Problem details: From the first line to the last, give the data again exactly.

---*---

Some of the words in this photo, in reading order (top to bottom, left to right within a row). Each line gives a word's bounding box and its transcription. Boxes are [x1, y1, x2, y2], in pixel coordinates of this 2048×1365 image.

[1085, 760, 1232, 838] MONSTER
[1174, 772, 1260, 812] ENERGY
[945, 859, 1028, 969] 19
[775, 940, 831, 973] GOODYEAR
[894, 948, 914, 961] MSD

---*---

Completed task:
Some of the words in this photo, in reading order (top to bottom, left to right within a row). Each line gives a word's bounding box and its transcription. Boxes are [x1, y1, x2, y2], in pixel coordinates of this 2048×1365 image.

[1085, 760, 1232, 838] MONSTER
[1174, 772, 1260, 812] ENERGY
[945, 859, 1028, 969] 19
[775, 940, 831, 973] GOODYEAR
[894, 948, 914, 961] MSD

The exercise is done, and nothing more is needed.